Decentralization is not the only way to save the open web — democracy can, too.

Centralized, community governed services can protect our privacy and empower users in a way that open source software alone can’t.

John Hackett
4 min readSep 3, 2016

Most companies that invade our privacy are shareholder or privately owned, VC backed and offering a service to “customers” (often advertisers) and “users” (a.k.a. the product). This is possible because there is no real alternative to these companies, and because their executives have the freedom to decide one day that “users” will pay or terms will change, or that newly acquired subsidiaries will enter into data sharing agreements with their parent company, a la WhatsApp.

Most privacy advocates online are fairly staunch individualists, who believe every person should be able to run their own server giving them access to a global, federated network. This approach has fairly clear limitations because of it’s demanding operational side of things: many technical users tire of running their own systems for mail and chat in the end, and nontechnical users will be entirely unable to participate. The cost of privacy in this model is high, and network effects ensure that most communication still goes over “corporate” networks and protocols.

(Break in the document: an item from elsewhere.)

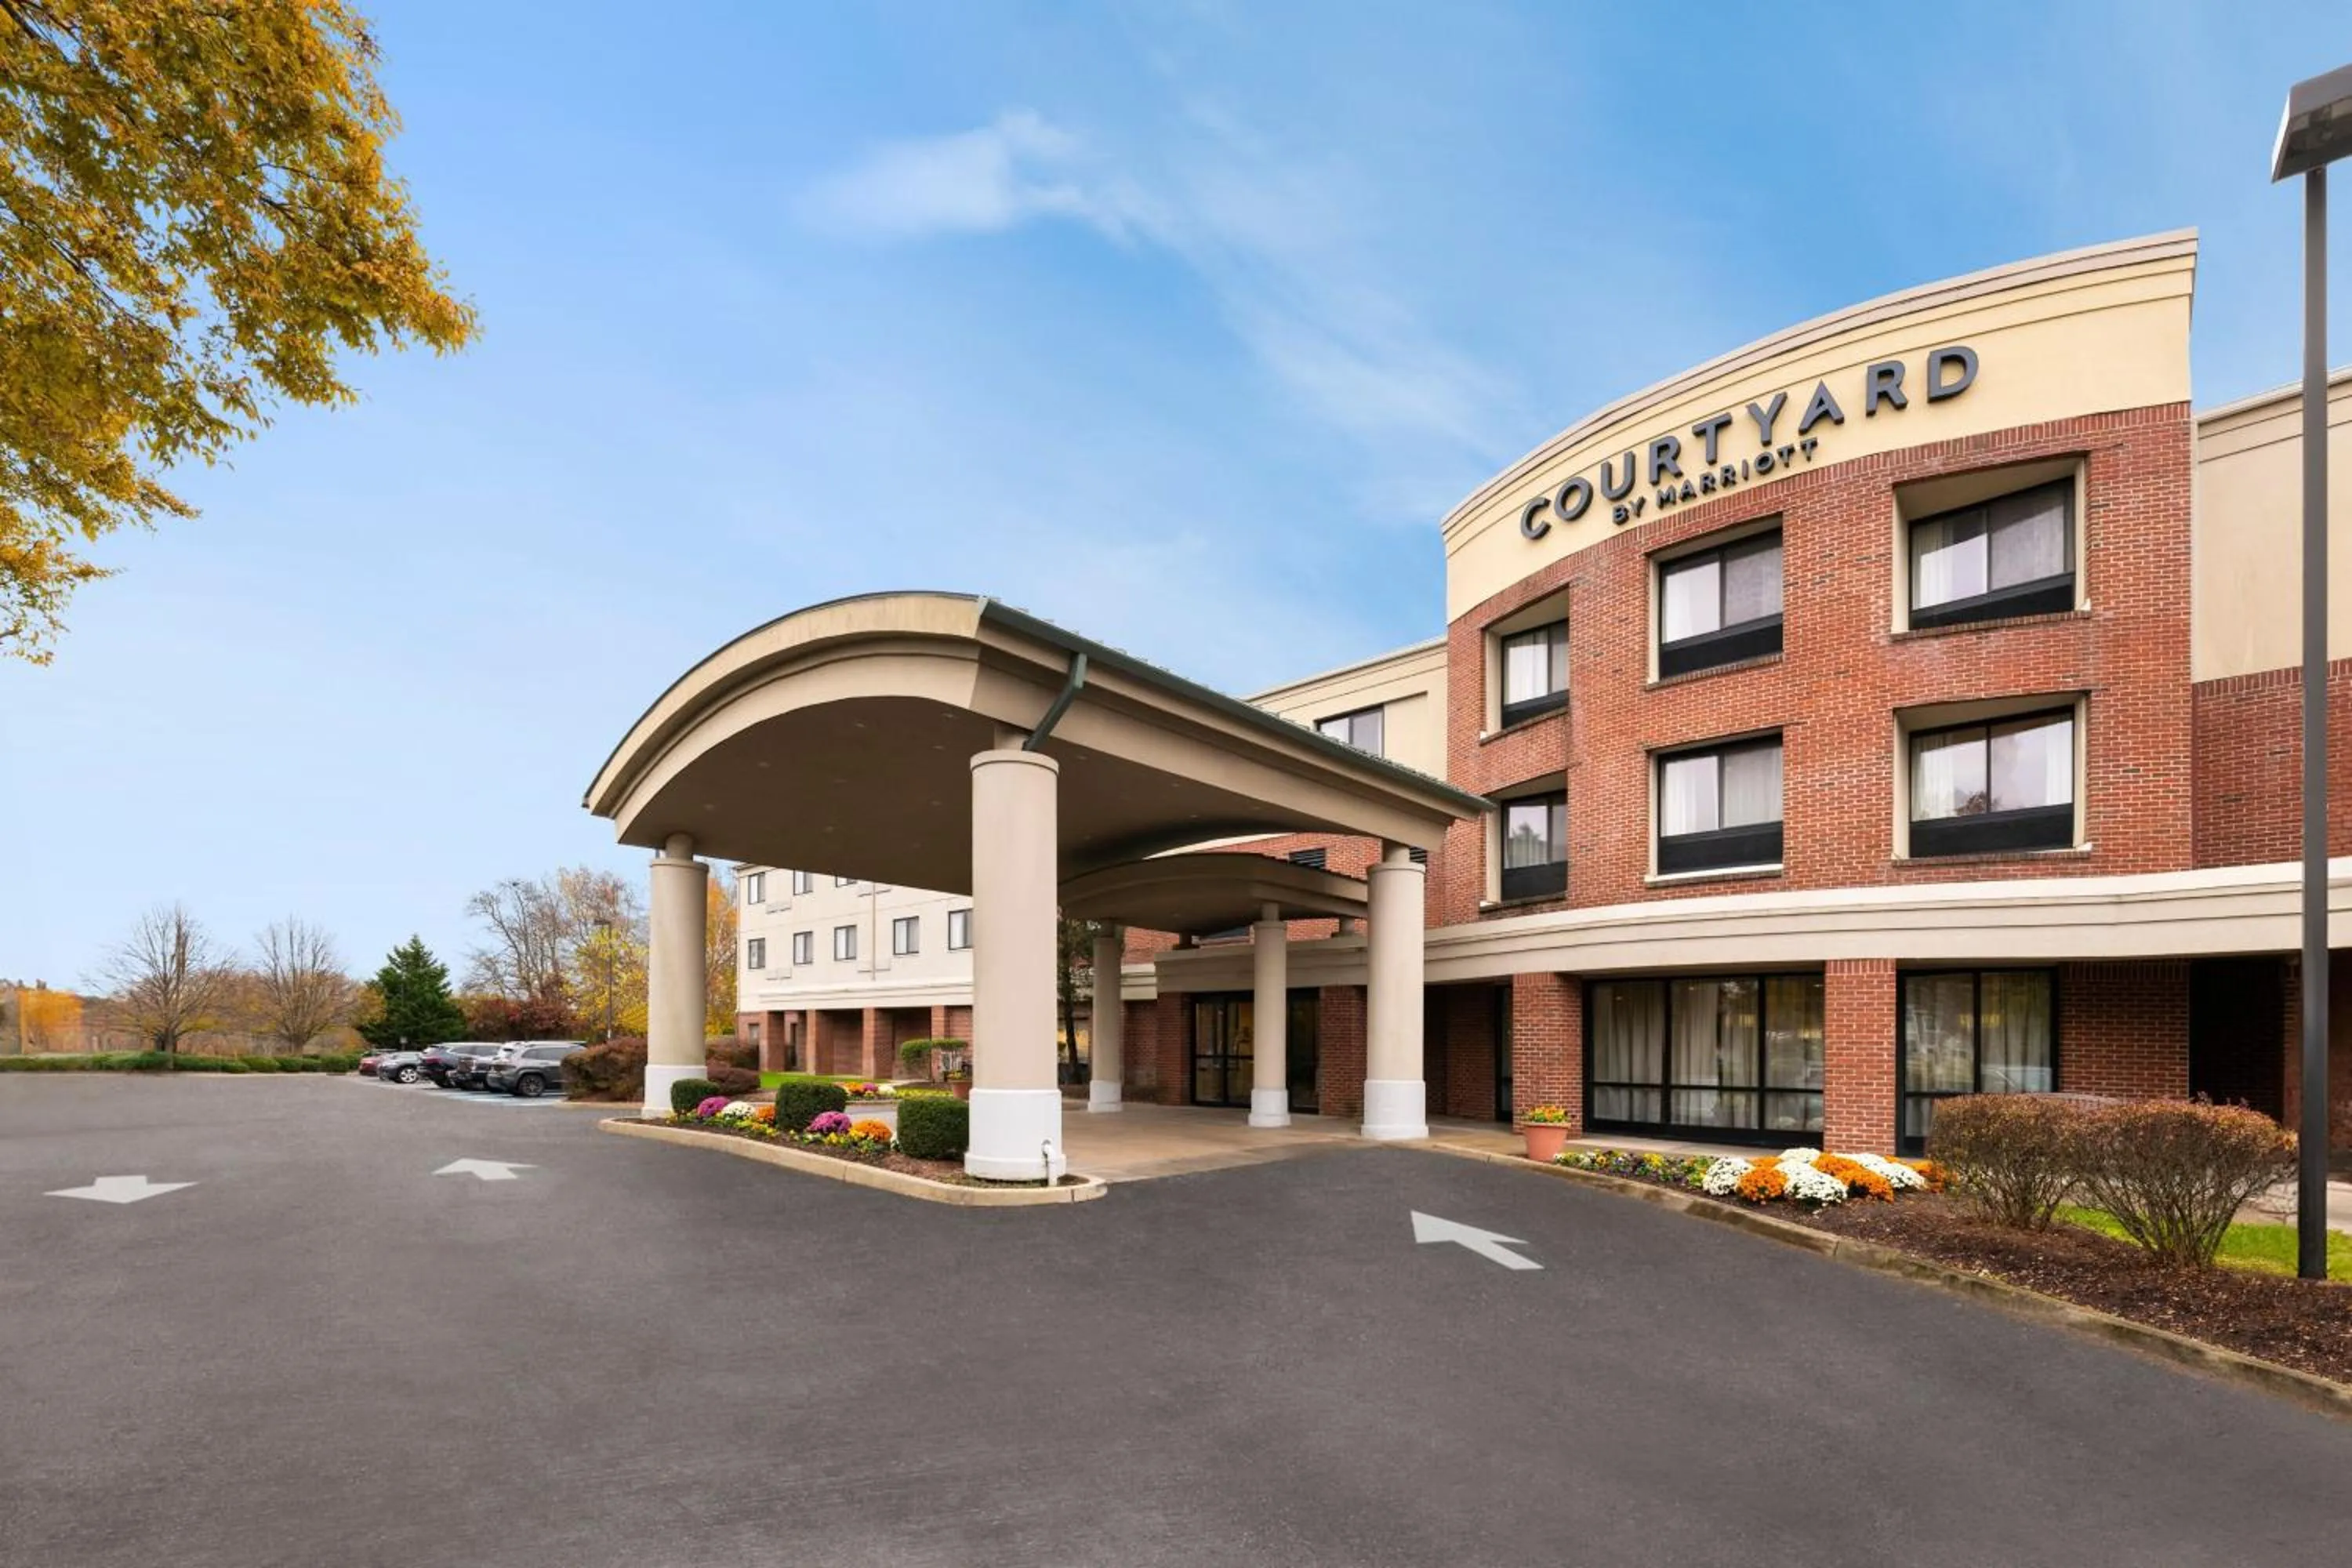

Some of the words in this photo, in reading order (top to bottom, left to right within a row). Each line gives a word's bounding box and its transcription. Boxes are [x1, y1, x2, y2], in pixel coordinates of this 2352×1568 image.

[1520, 346, 1980, 540] COURTYARD
[1613, 496, 1646, 526] BY
[1657, 437, 1818, 509] MARRIOTT

This is what has led me to advocate collectively run services. The barriers to entry can be lowered and similar approaches to the giants can be used, while offering clear legally backed guarantees to users about service levels and their privacy. Remember “free, forever”? It is a guarantee of advertising and data mining. My contribution to this discussion is to suggest that services be “community run, owned, and governed, forever” instead.

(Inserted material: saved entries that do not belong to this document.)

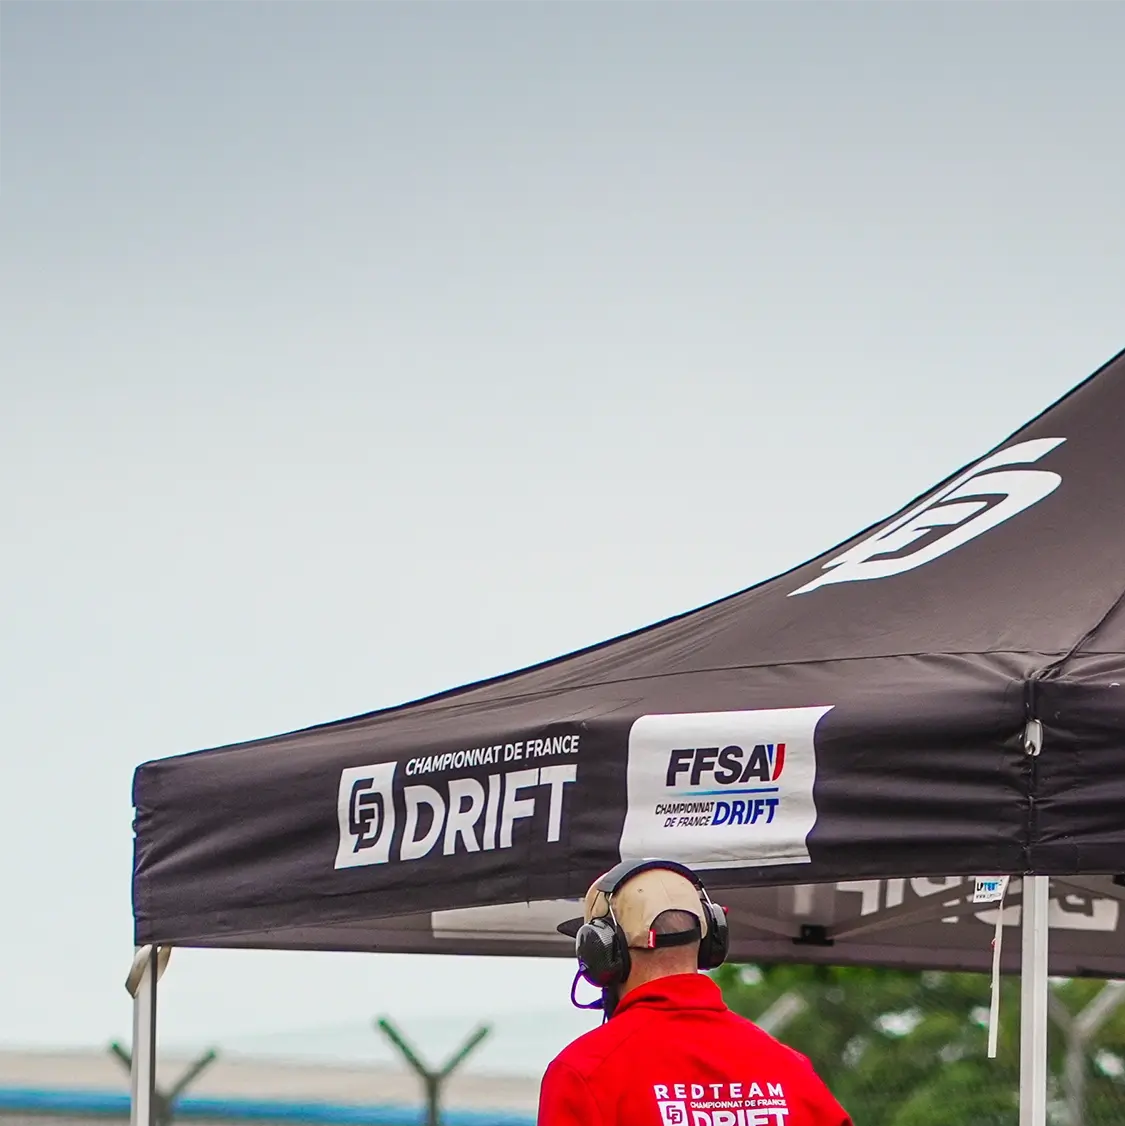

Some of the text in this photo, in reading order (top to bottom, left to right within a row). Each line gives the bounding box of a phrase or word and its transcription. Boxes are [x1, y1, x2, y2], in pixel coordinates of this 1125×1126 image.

[405, 735, 580, 776] CHAMPIONNAT DE FRANCE
[666, 743, 775, 787] FFSA
[400, 763, 578, 862] DRIFT
[655, 801, 715, 815] CHAMPIONNAT
[664, 815, 712, 828] DE FRANCE
[711, 798, 779, 826] DRIFT
[690, 1100, 744, 1109] CHAMPIONNAT
[757, 1098, 787, 1107] FRANCE
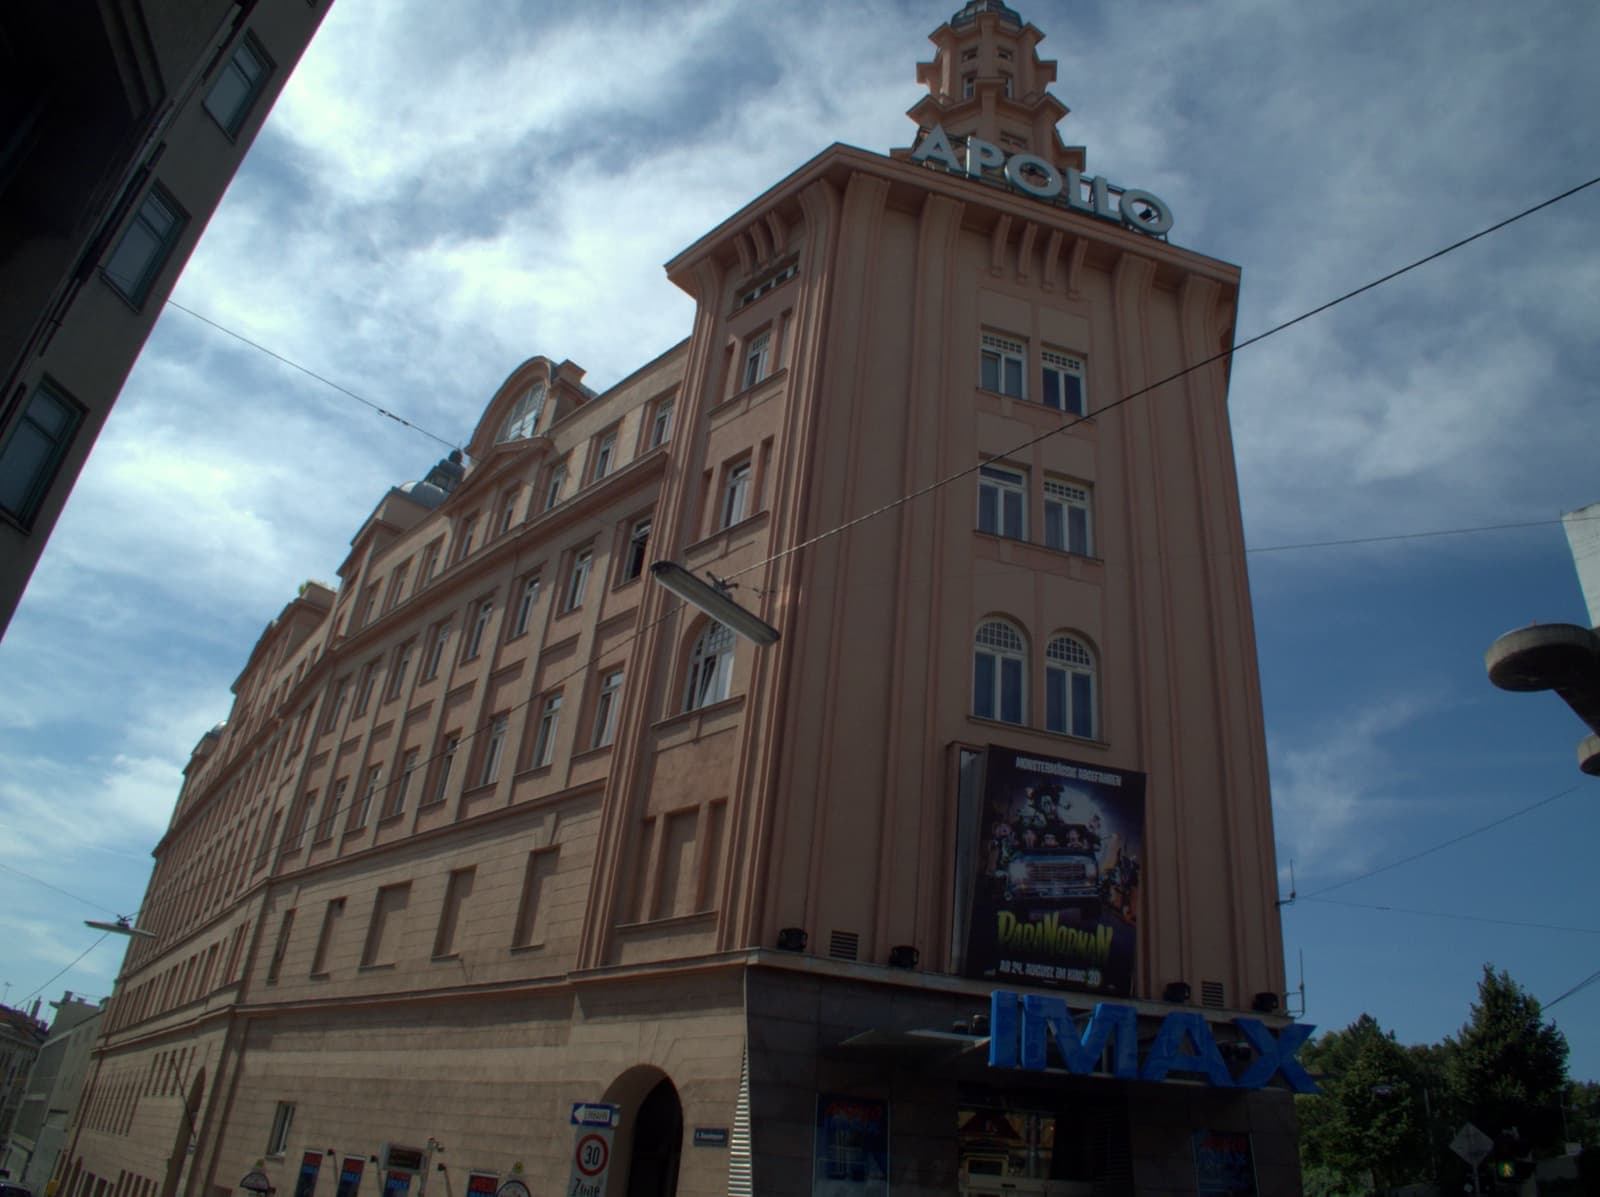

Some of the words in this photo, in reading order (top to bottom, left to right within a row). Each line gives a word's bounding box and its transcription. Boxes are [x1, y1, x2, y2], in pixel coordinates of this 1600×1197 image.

[912, 123, 1174, 236] APOLLO
[988, 990, 1322, 1095] IMAX
[584, 1145, 600, 1166] 30

It is possible to register types of company in the UK (and almost certainly elsewhere too) that are confined to a specific purpose, which can’t dispose of (sell) their assets except in specific ways decided at the start and declared publicly. Usually assets can’t be passed to organisations without the same or comparable legally binding goals. Intended beneficiaries can seek redress with the regulator where the company fails to fulfil its stated purpose. These companies cannot change their purposes except by a majority vote of its membership, which could be literally all users, or donating users, etc. The purposes are, in the event of a challenge, evaluated and compared by judges in a court.

In other words, it is possible to provide legally binding guarantees to specified groups of beneficiaries through use of the right type of legal vehicle. This is through what is called a community benefit society a democratic membership organisation which can hold assets, but isn’t for sale like a company.

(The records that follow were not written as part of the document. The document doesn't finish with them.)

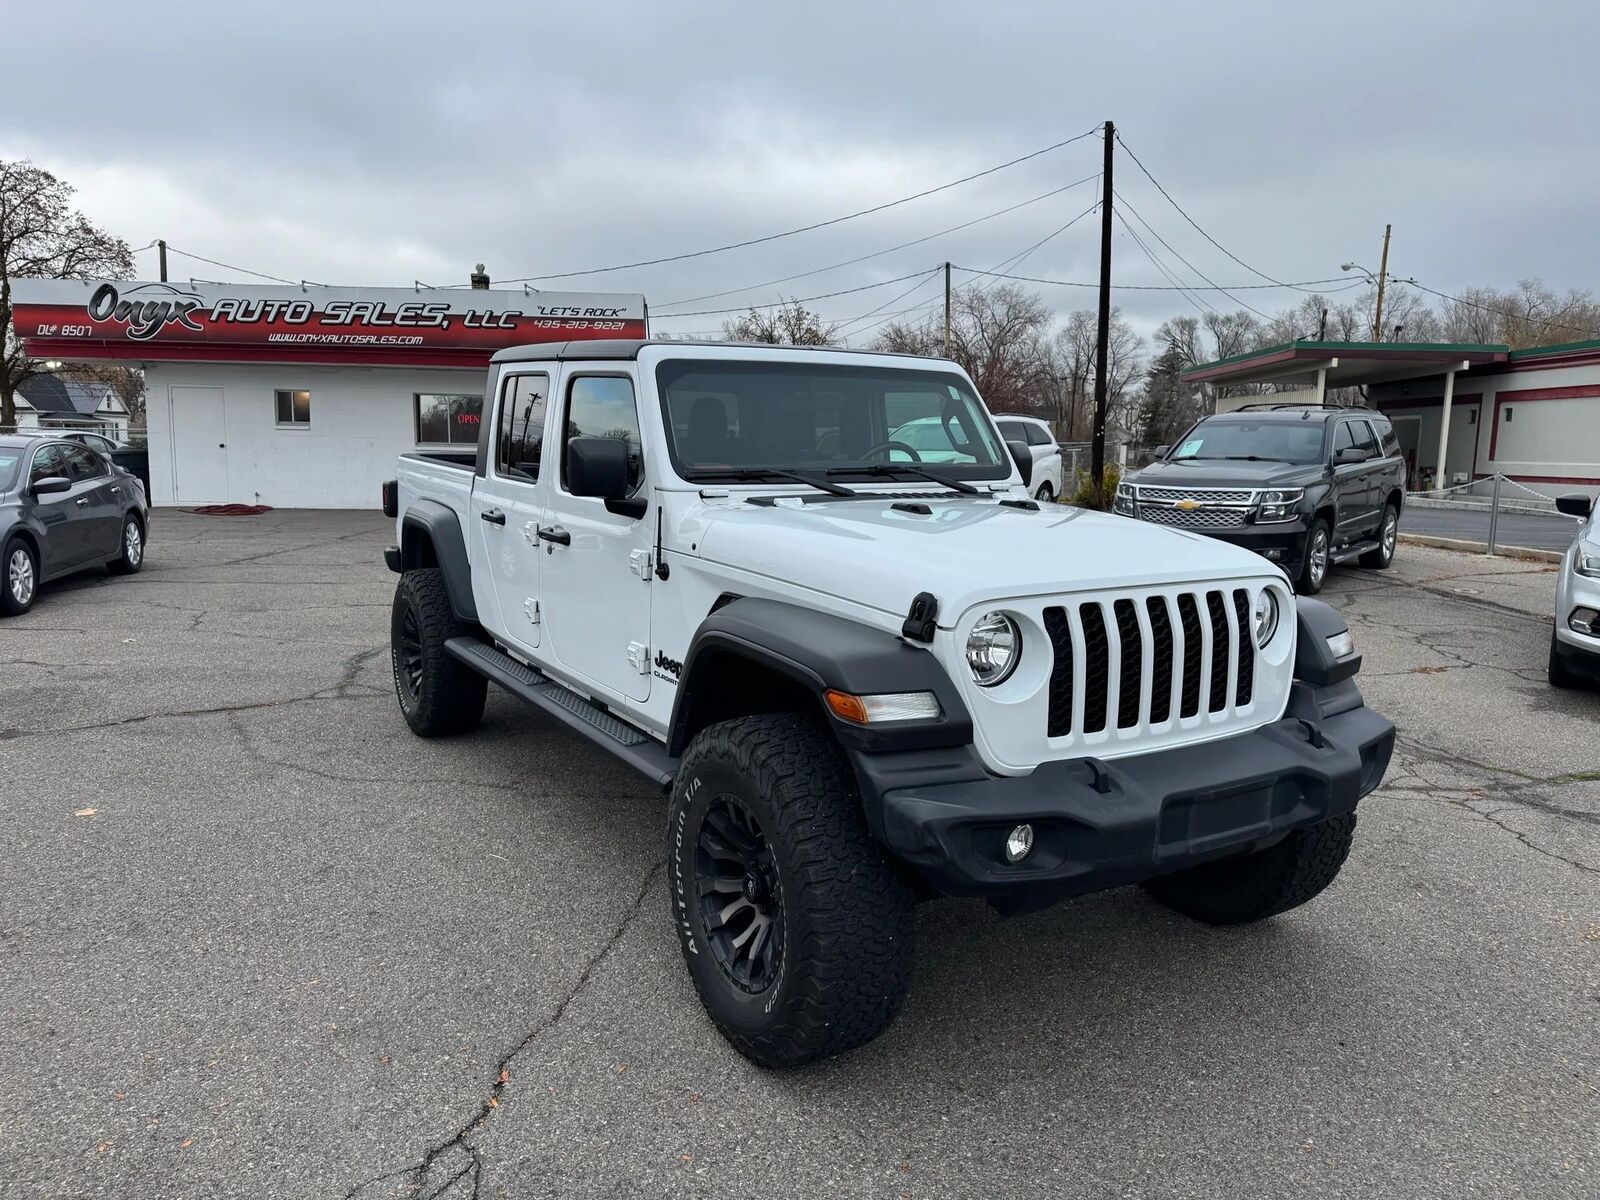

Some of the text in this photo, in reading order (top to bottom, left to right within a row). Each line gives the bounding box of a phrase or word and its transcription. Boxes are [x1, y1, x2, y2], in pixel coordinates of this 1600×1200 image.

[87, 283, 523, 340] Onyx AUTO SALES, LLC
[37, 324, 92, 336] DL# 8507
[534, 320, 625, 330] 435-213-9221
[457, 414, 480, 424] OPEN
[654, 650, 683, 679] Jeep
[683, 776, 702, 803] T/A

A community benefit society would be an appropriate guardian for a centralised (not focused on self hosting users) social network and messaging platform because of the guarantees it could offer. Funding is likely to be lower, but widely used community resources like Wikipedia manage well enough to raise money quickly. Privacy is popular and many people would be happy to pay for guarantees they can understand. Not having to learn about cryptography in order to have a chance of not being sold out to advertisers (or be snooped on) has wider appeal than we give it credit for.

There are implications to non-profit, member funded organisations, too. It makes for much simpler technical implementation.

Facebook has vast engineering challenges that mostly revolve around maintaining a gigantic, privacy invading advertising network and data mining operation, with the infrastructure to feed it. On the other end of the scale Diaspora and distributed social networks like it find that protocol issues arise and complicate design decisions. Well meaning but amateur operators make federation (independent nodes users talking to one another even though they use different nodes) a difficult and broken experience.

Having neither the burden of infrastructure for data mining nor protocols for federation having to accommodate small time operations means there is less work to do over all. It means that efforts are focused on the project and the experience of using it.

Even the operations of such a system could be open: with proper configuration management and continuous deployment practices, an environment where it is safe to allow contributions from the community can be created.

Off the shelf tools can be used to create fast, reliable proof of concepts for a centralised system. Developing an application and a data model can take priority, with the opportunity to tackle implementing federation or other features later. I’ll outline in another post how I see a WhatsApp clone working, using established, mature open source software as a basis.

On reflection of what drives me for these kinds of goals, I have to say it isn’t fear of the state (although in many ways, the state is scary). It is a desire for public space and a commons. A modern, connected means of communication that is convenient and quick that can be used without offering up our deep thoughts or relationships or behaviours to a company I don’t like or control. It is the desire for a non-commercial, commonly held infrastructure.

Decentralization is one valid approach to that, but it is not the only one. Running your own email or jabber server in the name of decentralization can feel like homesteading on a frontier, with all the rugged, self reliant individualism of the old American west. It was one way to escape tyranny in its day: simply get up and walk away from it, into the wild.

That approach will never defeat the network effect that keeps people away from XMPP and on WhatsApp. The network effect is just a new way of describing something that has been known for a very long time: some things are possible in groups that are not possible individually. Privacy in society is one of those things, where only by acting in a way that is conducive to one another’s privacy can we guarantee our own.

Legally incorporated associations aren’t a traditional “netizen” approach, but I believe they are one that could bring some internet users what they wanted all along: privacy, accountability, and control. A democratic membership organisation would allow the privacy conscious, motivated individuals who today struggle with interoperability to embrace a legally driven, governance based approach to privacy. In doing so, they would come in from the wild and defend everyone’s rights — not just their own.